Monday, October 8, 2007

The Writer Neurotic

Another archival post, the single one from my seldom-used LJ account, moved here for consolidation purposes.

May 17, 2007:

Current Mood: calm

It's a sunny day outside, the sky is blue, my daughters are young enough to want to play with Daddy all the time. Yet I reckon my days more by whether I've written my daily word quota or not. Don't get me wrong, I love my girls more than anything, and I make myself available to them every day and engage in the usual run of parental worry about whether I'm doing right by them. One of the cool things about being where I am in my life right now is that I have lots of time for the family.

Still.

Word count is always on my mind. I'm aware of unfinished stories and projects in the back of my mind like a brain canker.

A friend of mine back in my college days gave up her aspirations to become a writer because she'd gone to a con and heard Roger Zelazny speak on what it took to be a writer. In short, he said it took a *need* to write. If you weren't driven to write, if you weren't satisfied if you weren't writing, you probably would have a difficult time making it as a writer.

I spent most of the eighties writing limp-wristed laments about wanting to write, and not actually working on stories. Lesson learned is how to find the kind of discipline to write every day. My goal now is modest: 1,500 words per day four days a week. Then branch out from there. The idea is to get to six days a week. This is a floor.
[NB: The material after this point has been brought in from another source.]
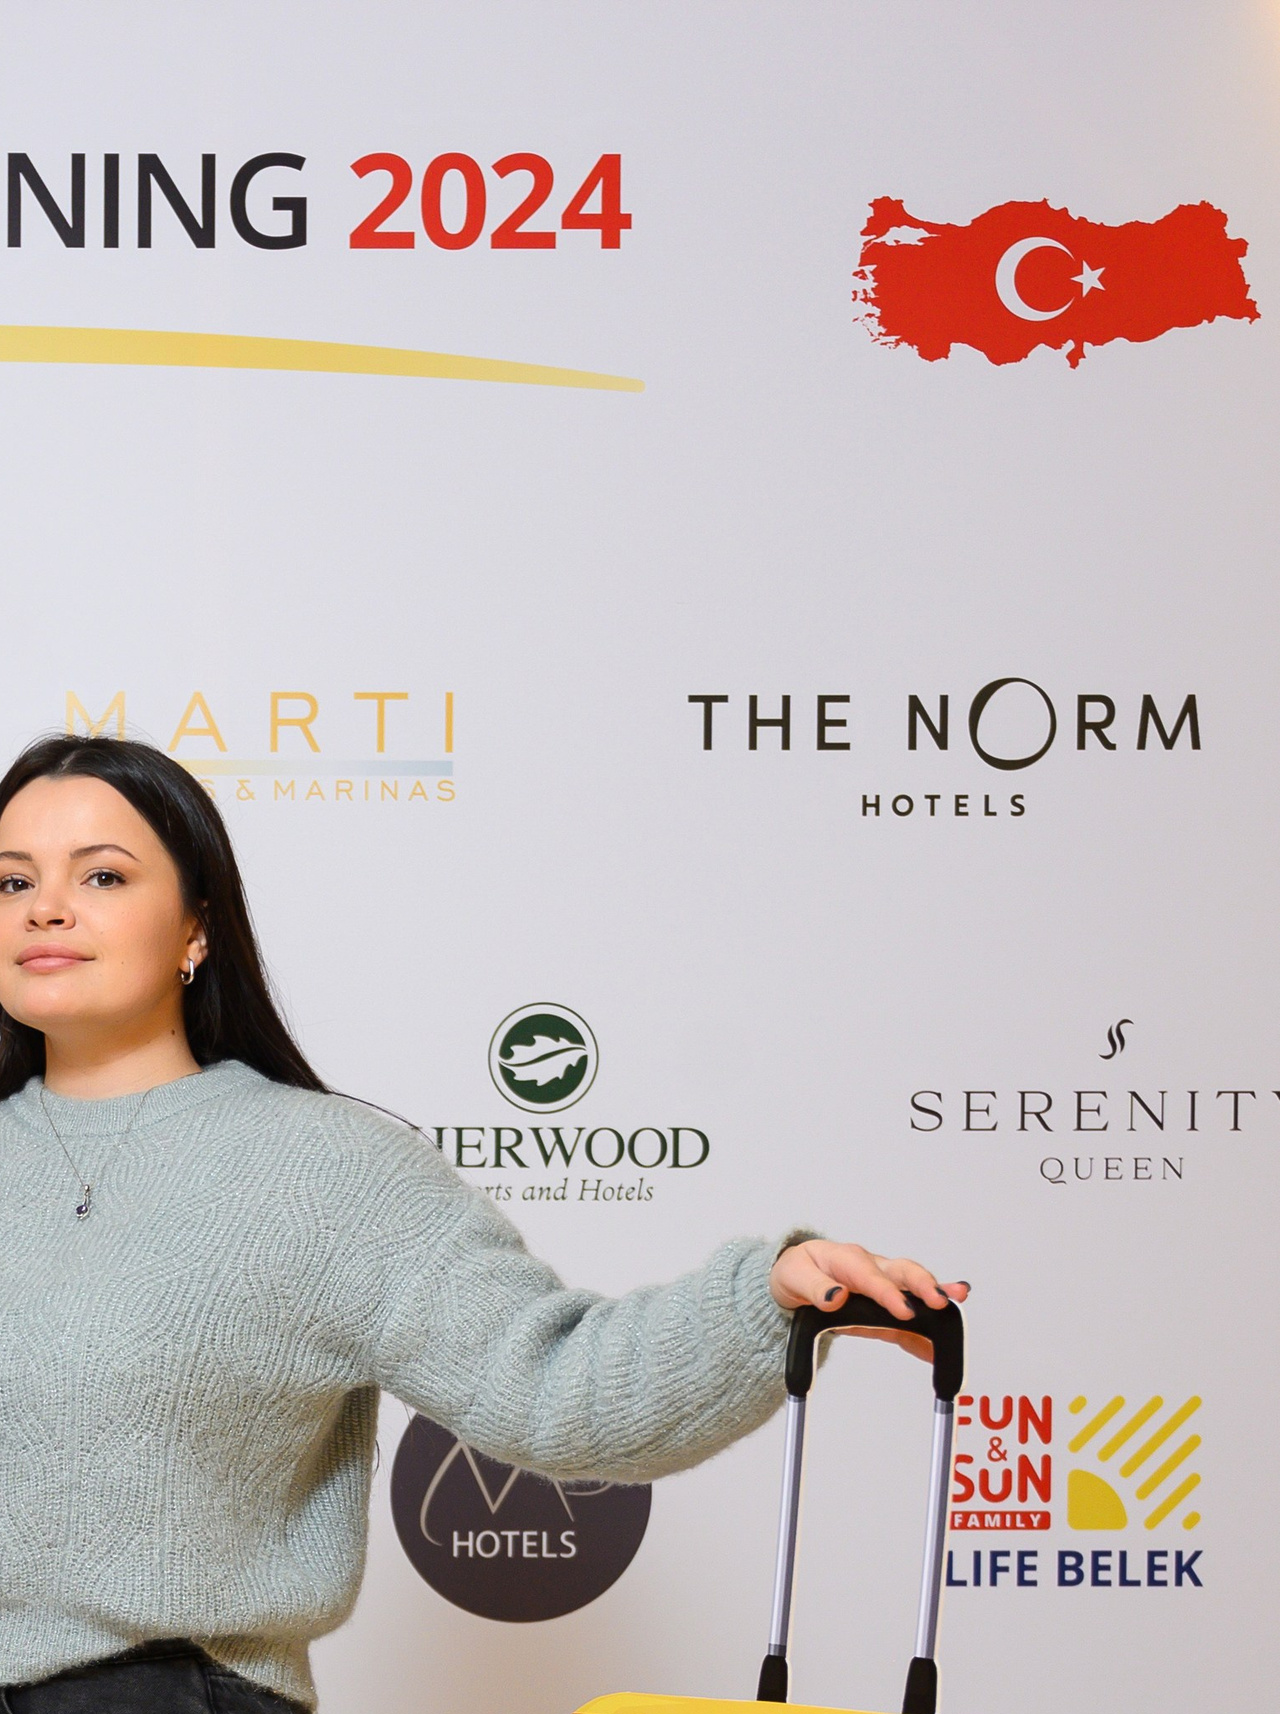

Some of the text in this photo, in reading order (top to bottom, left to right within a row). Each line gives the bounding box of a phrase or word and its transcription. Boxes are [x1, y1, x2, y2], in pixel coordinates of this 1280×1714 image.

I have a few other goals involving putting stories in the mail, drafting chapters on my novel, etc. But the baseline goal is 1,500 words a day four days a week. It takes twenty-one days to build a habit, according to the behavioral psychologists. For much of the last year, building structured writing habits has been like flogging a donkey. The challenge is to make it into a consistent practice. Like training for the marathons I've run.

Get that word count in. Then go read with the girls, run, socialize, do the day job, whatever.

But in the meantime, I need to feed this inner word count meter in order to be functional in the other areas of my life. Every day that goes by without writing turns into a little whisper in the back of your head: "You so suck."